Govt remains committed to Genesis Energy sale
The government is still committed to the partial privatisation of Genesis Energy [NZX: GPLFA], despite a rocky performance in both the asset sales so far undertaken, Prime Minister John Key has confirmed.
However, he ruled out the possibility of a break-up or trade sale of the smallest of the three state-controlled electricity companies, despite work being done on those options in recent weeks by the Treasury and its advisers.
"I don't think that's a credible option," he told his weekly post-Cabinet press conference.
Break-up options are understood to have been modelled as an alternative to floating shares in the company, which was last valued independently for the Treasury's Crown Ownership Monitoring Unit in 2011 at $1.7 billion.
However, its value has almost certainly dropped closer to $1 billion, based on the prices paid for 49 percent stakes in MightyRiverPower and Meridian Energy.
Factors depressing power company valuations include low or falling demand for electricity, uncertainty over the future of the Tiwai Point aluminium smelter, and the Labour and Green parties' plans to dismantle existing electricity market arrangements and reduce power company profits, if elected next year.
Still, investors pushed the price of Meridian instalment receipts from their listing price on the NZX this morning from $1 to $1.08, while MRP closed at $2.20, still 30 cents per share below the $2.50 listing price in May.
The Genesis sale would depend on favourable market conditions, but world economic conditions were improving. The government would only postpone if it believed it would be selling the shares at a "substantial discount to the market price."
"That certainly hasn't been the case for Meridian or MRP. Generally speaking, the conditions have been pretty good," said Key.

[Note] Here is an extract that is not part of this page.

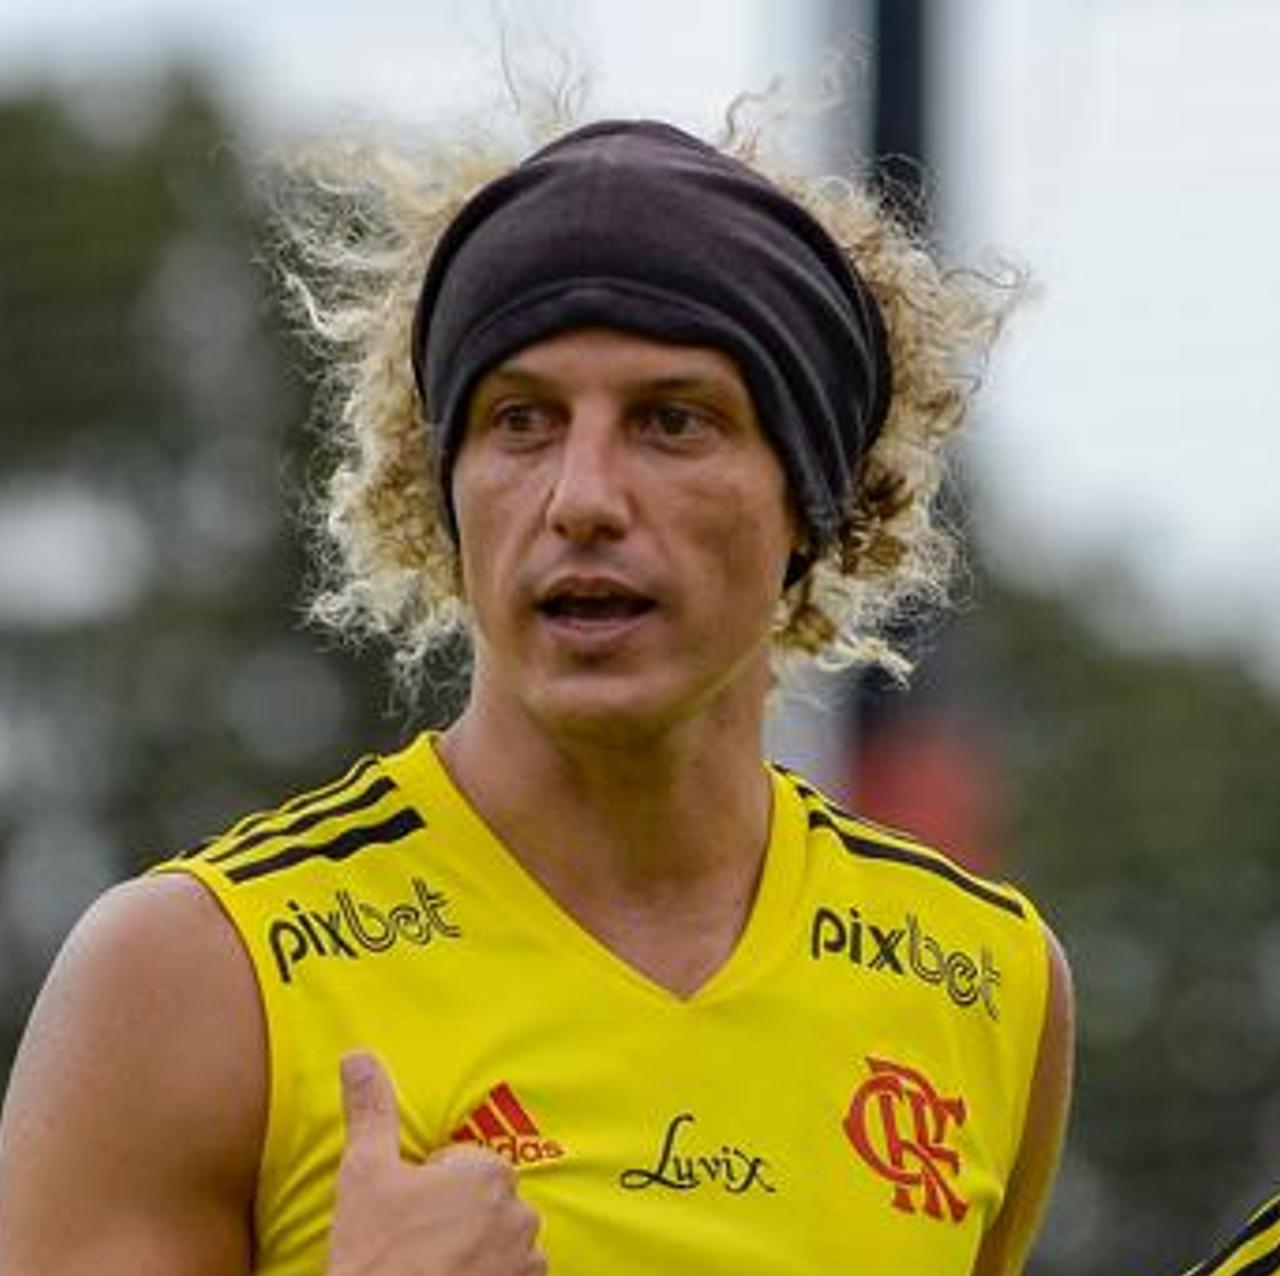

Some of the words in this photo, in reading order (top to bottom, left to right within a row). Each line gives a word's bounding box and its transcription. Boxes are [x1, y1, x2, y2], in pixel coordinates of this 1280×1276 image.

[270, 877, 461, 984] pixbet
[811, 906, 1001, 1021] pixbet
[620, 1113, 776, 1194] Luvix

The government would tell voters before the 2014 election what its asset sale plans would be if elected for a third term, but he ruled out Transpower and Kiwibank, and said there were few other major assets that lent themselves to partial privatisation by stock exchange listing.
While the Meridian float has been widely panned for attracting just 62,000 retail investors and a listing price at the bottom end of the indicative range, Key defended the process, saying it delivered cash to buy new state assets without borrowing, improved the oversight of the companies concerned, and improved investors' alternatives beyond residential real estate.
"Some people are going to bag the programme, but I think it's been quite successful," he said.